Alice estaba sentada a la pequeña mesa de su dormitorio, distraída por los ruidos que provocaba John recorriendo las habitaciones de la planta baja. Antes de ir al aeropuerto necesitaba terminar de revisar aquel artículo para la Revista de Psicología Cognitiva , y acababa de leer la misma frase tres veces sin comprenderla. Según su despertador eran las siete y media, pero creía que iba diez minutos adelantado. Por la hora y el ruido cada vez mayor que le llegaba del piso inferior, dedujo que él tenía que marcharse pero había olvidado algo y no podía encontrarlo. Se dio unos golpecitos con el lápiz rojo en el labio inferior mientras contemplaba los números digitales del reloj y se preparaba para lo que vendría a continuación.

—¿Ali?

Tiró el lápiz sobre la mesita y suspiró. Bajó y lo encontró arrodillado en el salón, rebuscando entre los cojines del sofá.

—¿Las llaves? —preguntó.

—Las gafas. Y por favor, no me regañes. Ya llego tarde.

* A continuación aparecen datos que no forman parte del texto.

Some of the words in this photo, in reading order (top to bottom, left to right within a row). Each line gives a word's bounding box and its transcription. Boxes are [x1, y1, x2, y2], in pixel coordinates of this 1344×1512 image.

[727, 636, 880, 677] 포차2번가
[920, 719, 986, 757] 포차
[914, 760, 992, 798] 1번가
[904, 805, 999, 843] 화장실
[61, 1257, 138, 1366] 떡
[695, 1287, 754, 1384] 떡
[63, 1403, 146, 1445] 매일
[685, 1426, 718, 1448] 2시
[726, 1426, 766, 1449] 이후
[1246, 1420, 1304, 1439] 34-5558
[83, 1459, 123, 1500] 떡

Ella siguió su frenética mirada hasta la repisa de la chimenea, donde un antiguo reloj Waltham, famoso por su precisión, marcaba las ocho en punto, aunque sabía que no se podía fiar de ese reloj. En aquella casa, los relojes raramente marcaban el tiempo real, a Alice la habían engañado demasiadas veces y desde hacía tiempo prefería confiar en su reloj de pulsera. Al entrar en la cocina retrocedió en el tiempo, ya que el microondas insistía en que sólo eran las 6.52.

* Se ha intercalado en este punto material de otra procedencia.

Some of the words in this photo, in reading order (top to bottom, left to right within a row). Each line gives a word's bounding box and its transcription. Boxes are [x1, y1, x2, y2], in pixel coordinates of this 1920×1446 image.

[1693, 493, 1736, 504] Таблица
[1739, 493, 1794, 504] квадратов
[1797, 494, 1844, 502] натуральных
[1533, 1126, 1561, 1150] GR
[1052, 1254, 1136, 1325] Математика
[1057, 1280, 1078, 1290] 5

Miró por encima de la despejada superficie de la encimera de granito y allí estaban, junto al bol blanco con forma de champiñón y sobre el correo todavía sin abrir. No debajo de algo, ni detrás de algo que impidiera verlas. ¿Cómo podía alguien tan listo como él, todo un científico, no ver lo que tenía delante de sus narices?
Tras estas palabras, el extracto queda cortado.